### ABOUT THIS EXERCISE
Each entry is to be retyped exactly as it appears, and each image is to be dropped.

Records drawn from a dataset
────────

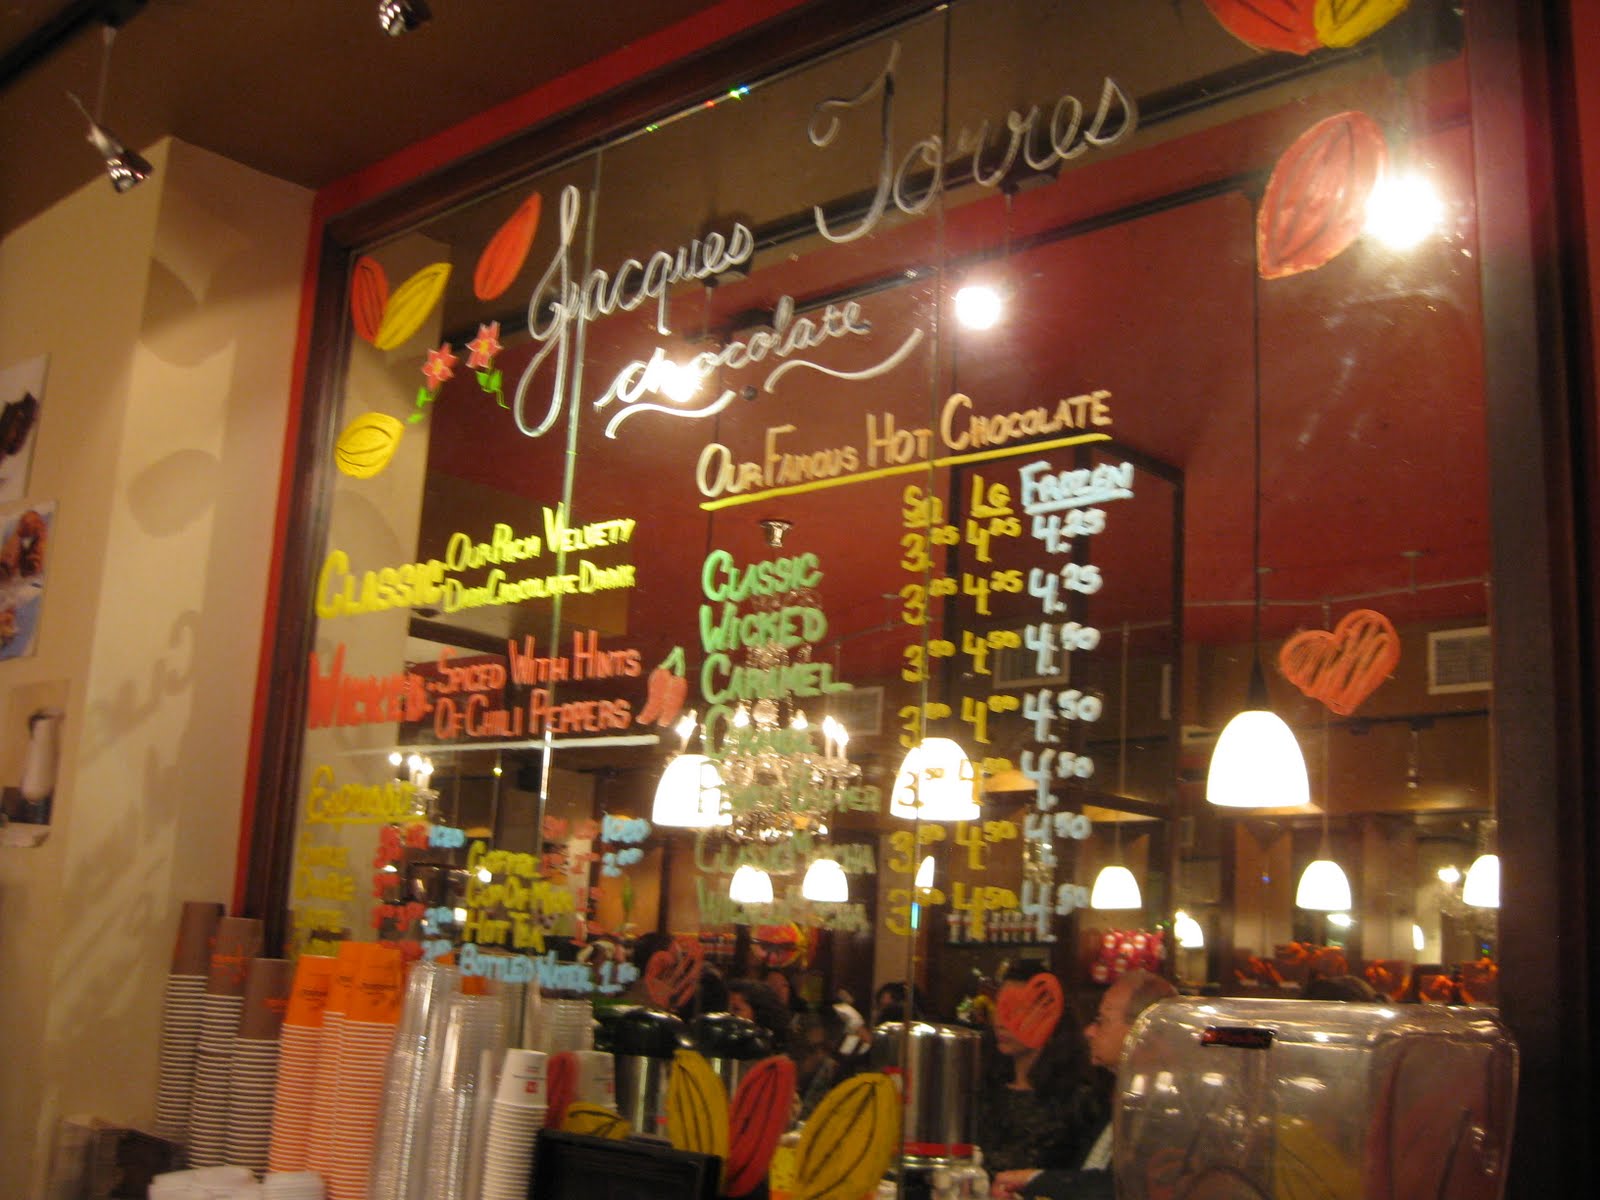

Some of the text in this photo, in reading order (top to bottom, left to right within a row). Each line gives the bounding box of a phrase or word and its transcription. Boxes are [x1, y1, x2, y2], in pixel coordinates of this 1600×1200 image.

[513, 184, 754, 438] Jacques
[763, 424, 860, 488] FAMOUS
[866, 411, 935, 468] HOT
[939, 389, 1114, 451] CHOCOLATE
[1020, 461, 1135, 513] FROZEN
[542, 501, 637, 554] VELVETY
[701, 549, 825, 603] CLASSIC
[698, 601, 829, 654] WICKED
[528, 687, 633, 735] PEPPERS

────────

### FINISHED EXERCISE
Some of the text in this photo, in reading order (top to bottom, left to right within a row). Each line gives the bounding box of a phrase or word and its transcription. Boxes are [x1, y1, x2, y2], in pixel coordinates of this 1600×1200 image.

[513, 184, 754, 438] Jacques
[763, 424, 860, 488] FAMOUS
[866, 411, 935, 468] HOT
[939, 389, 1114, 451] CHOCOLATE
[1020, 461, 1135, 513] FROZEN
[542, 501, 637, 554] VELVETY
[701, 549, 825, 603] CLASSIC
[698, 601, 829, 654] WICKED
[528, 687, 633, 735] PEPPERS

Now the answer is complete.